Note: This is cross-posted with my Cognitive Science Blog.
I recently posted about the ‘tiger mom’ controversy that began when attorney Amy Chua wrote an op-ed piece in the Wall Street Journal arguing that Chinese parenting (or at least the approach she took with her own children) was superior to American-style parenting.
After this meme exploded across the American media, TIME has produced a new issue with a ‘tiger mom’ cover story:
Chua’s reports from the trenches of authoritarian parenthood are indeed disconcerting, even shocking, in their candid admission of maternal ruthlessness. Her book is a Mommie Dearest for the age of the memoir, when we tell tales on ourselves instead of our relatives. But there’s something else behind the intense reaction to Tiger Mother, which has shot to the top of best-seller lists even as it’s been denounced on the airwaves and the Internet. Though Chua was born and raised in the U.S., her invocation of what she describes as traditional “Chinese parenting” has hit hard at a national sore spot: our fears about losing ground to China and other rising powers and about adequately preparing our children to survive in the global economy.

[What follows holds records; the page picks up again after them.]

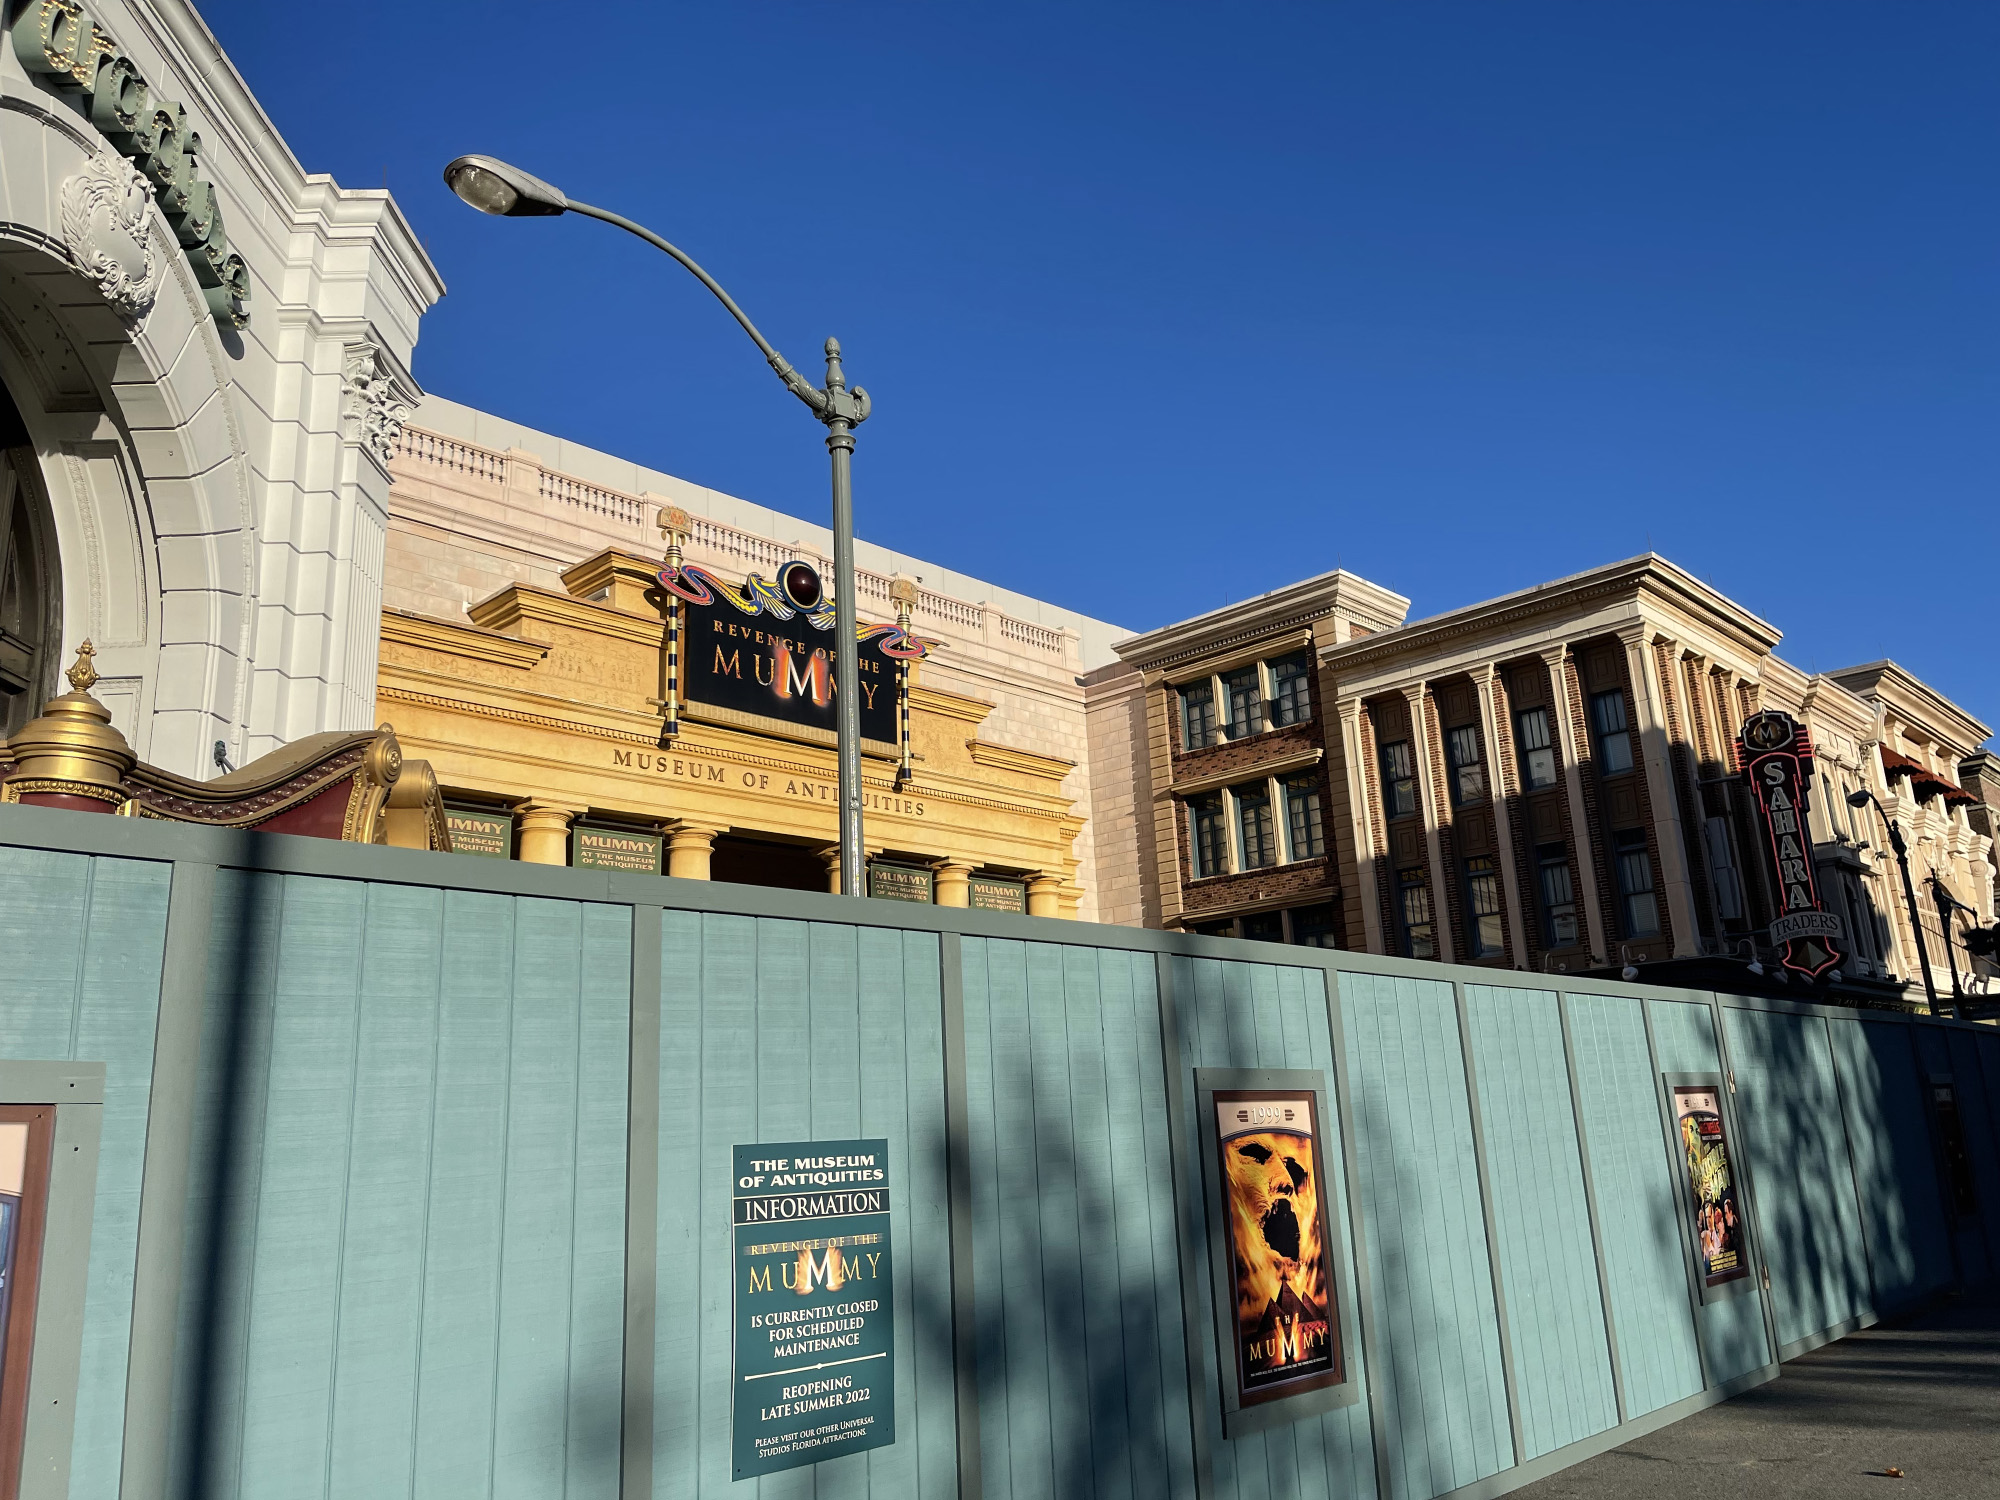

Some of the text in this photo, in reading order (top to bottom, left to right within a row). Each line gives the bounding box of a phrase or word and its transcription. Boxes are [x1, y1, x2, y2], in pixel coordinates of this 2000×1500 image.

[713, 619, 880, 674] REVENGE OF HE
[613, 749, 925, 816] MUSEUM OF ANTIUITIES
[458, 836, 504, 847] MUSEUM
[581, 834, 656, 853] MUMMY
[1763, 761, 1812, 909] SAHARA
[595, 852, 614, 860] THE
[616, 855, 656, 865] MUSEUM
[597, 859, 654, 871] ANTIQUITIES
[875, 870, 929, 886] MUMMY
[887, 891, 928, 901] ANTIQUITIES
[900, 887, 929, 896] MUSEUM
[974, 884, 1021, 898] MUMMY
[1773, 914, 1838, 936] TRADERS
[1250, 1106, 1281, 1126] 1999
[750, 1154, 875, 1173] THE MUSEUM
[739, 1168, 884, 1189] OF ANTIQUITIES
[745, 1191, 881, 1221] INFORMATION
[751, 1233, 878, 1256] REVENGE OF THE
[748, 1250, 881, 1294] MUMMY
[751, 1299, 879, 1329] IS CURRENTLY CLOSED
[1275, 1312, 1299, 1326] THE
[769, 1316, 865, 1342] FOR SCHEDULED
[773, 1333, 860, 1359] MAINTENANCE
[1250, 1327, 1326, 1362] MUMMY
[782, 1375, 853, 1400] REOPENING
[761, 1388, 871, 1421] LATE SUMMER 2022
[755, 1415, 875, 1448] PLEASE VISIT OUR OTHER UNIVERSAL
[759, 1444, 791, 1459] STUDIOS
[792, 1437, 821, 1452] FLORIDA

Her stories of never accepting a grade lower than an A, of insisting on hours of math and spelling drills and piano and violin practice each day (weekends and vacations included), of not allowing playdates or sleepovers or television or computer games or even school plays, for goodness’ sake, have left many readers outraged but also defensive. The tiger mother’s cubs are being raised to rule the world, the book clearly implies, while the offspring of “weak-willed,” “indulgent” Westerners are growing up ill equipped to compete in a fierce global marketplace.